USDA appointees say they'll keep campaigning for Democrats
Clinton administration Agriculture Department appointees who campaigned for Democratic presidential nominee Al Gore under the banner "Harvest 2000" celebrated victories Wednesday and agreed to work for rural Senate and House candidates in 2002--no matter who becomes President.
More than 100 members of the group met for lunch Wednesday to evaluate the election. Agriculture Secretary Dan Glickman told the group he still has faith that Gore will become president, but most of the group's attention was focused on assessing strategic victories and planning for the future.
Harvest 2000 sent teams of USDA political employees, congressional staffers and college students to campaign in Pennsylvania, Wisconsin, Michigan, Florida, Iowa, Ohio, and Missouri. Gore won all the targeted states except Missouri and Ohio and the disputed Florida.
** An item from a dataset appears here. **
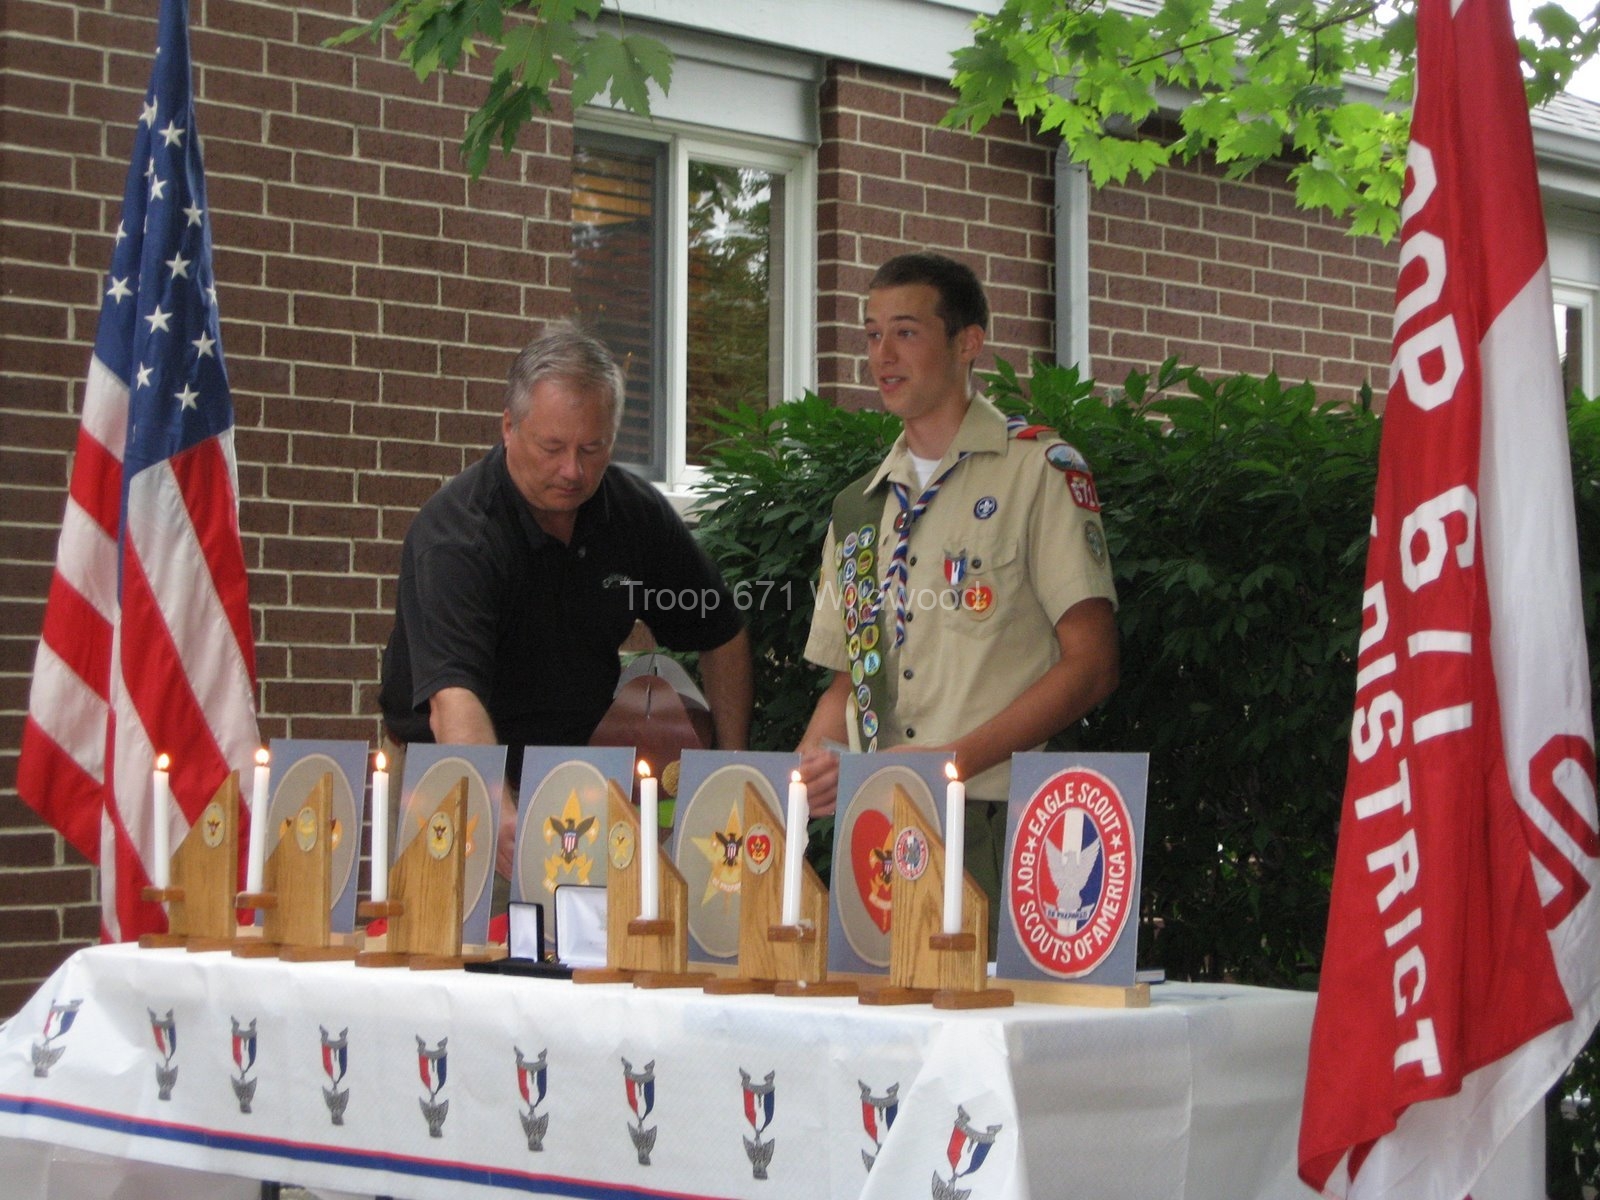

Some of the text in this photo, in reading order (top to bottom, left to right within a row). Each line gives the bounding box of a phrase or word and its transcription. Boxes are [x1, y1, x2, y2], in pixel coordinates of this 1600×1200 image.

[1400, 484, 1477, 745] 611
[1028, 782, 1121, 837] EAGLE SCOUT
[1350, 581, 1442, 1077] DISTRICT
[1017, 851, 1126, 964] BOY SCOUTS OF AMERICA
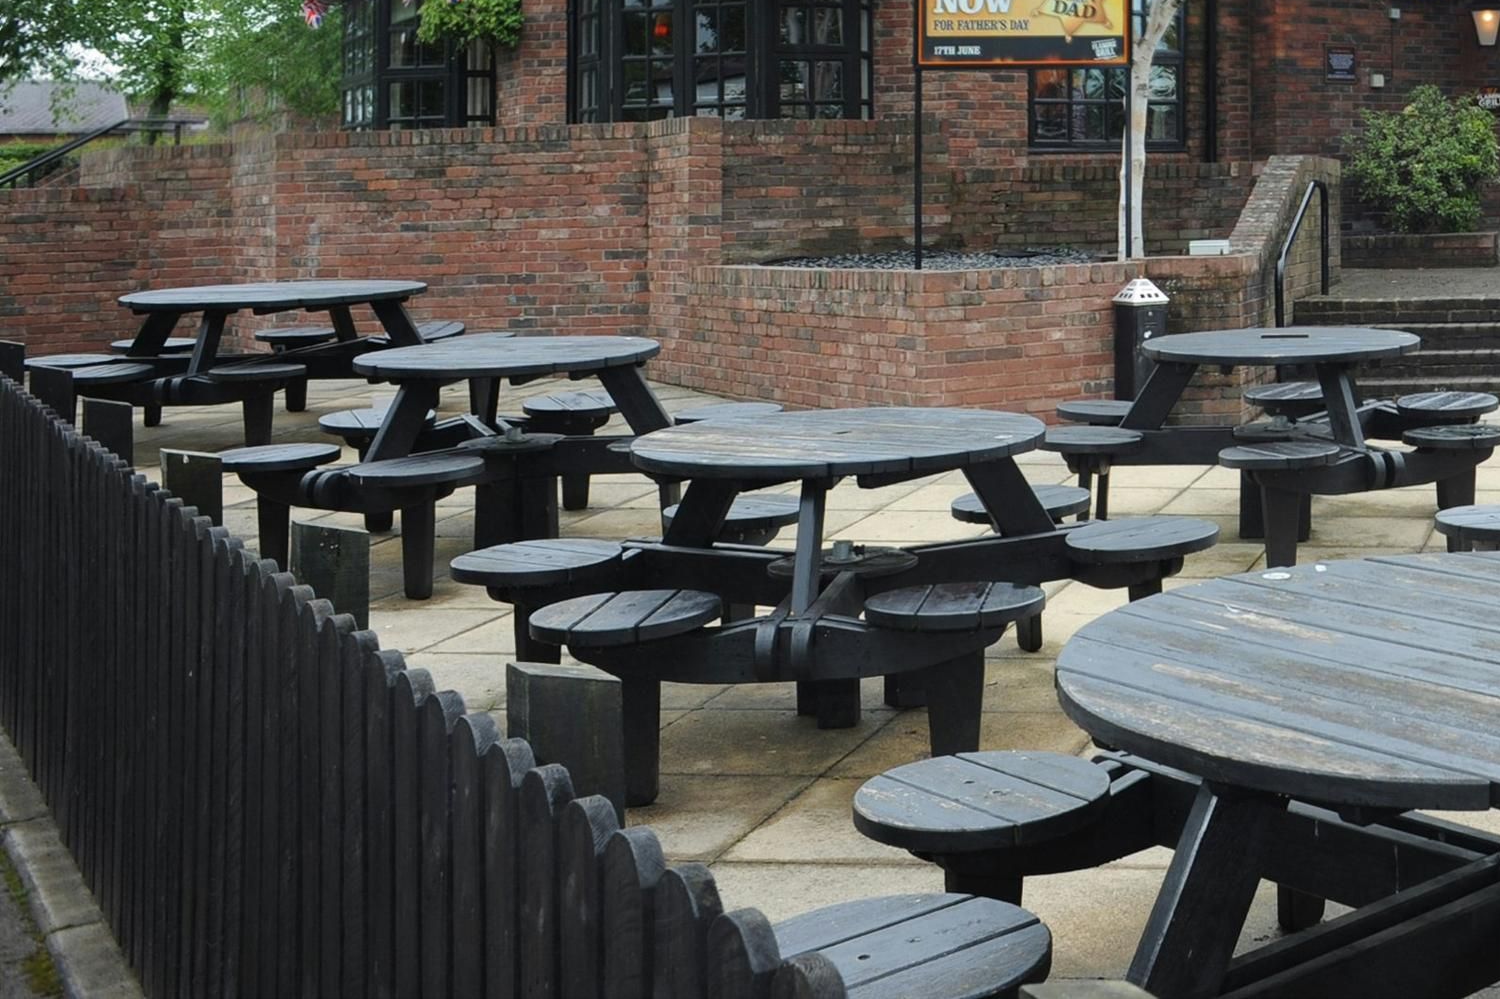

Steve Crawford, a Democratic aide in the Pennsylvania state legislature, claimed the Harvest 2000 effort had delivered Pennsylvania for Gore by targeting the state's "T"--the northern, rural part of the state that usually votes Republican.
Crawford later told CongressDaily that Republicans needed a 70 percent vote in Lancaster County, Pa., but garnered only 61 percent.
Crawford said the essence of his message to rural voters concerned economic prosperity under the Clinton-Gore administration, senior citizen issues, USDA aid for rural Pennsylvania and "allaying fears laid out by [National Rifle Association President] Charlton Heston that Al Gore was going to take their guns."
Several other appointees said the gun issue had hurt Gore with rural hunters, especially in areas where the campaign did not address it.
Crawford said Democratic operatives did not hope to win many rural areas, only to reduce the GOP's share of the vote. The key to Democratic activities in rural areas in the future, Crawford said, is to examine "where we were we did better."
Joel Berg, a USDA appointee who made statistical calculations about where to campaign, said he regretted that the group did not send teams to Arkansas and Tennessee--two states Gore lost.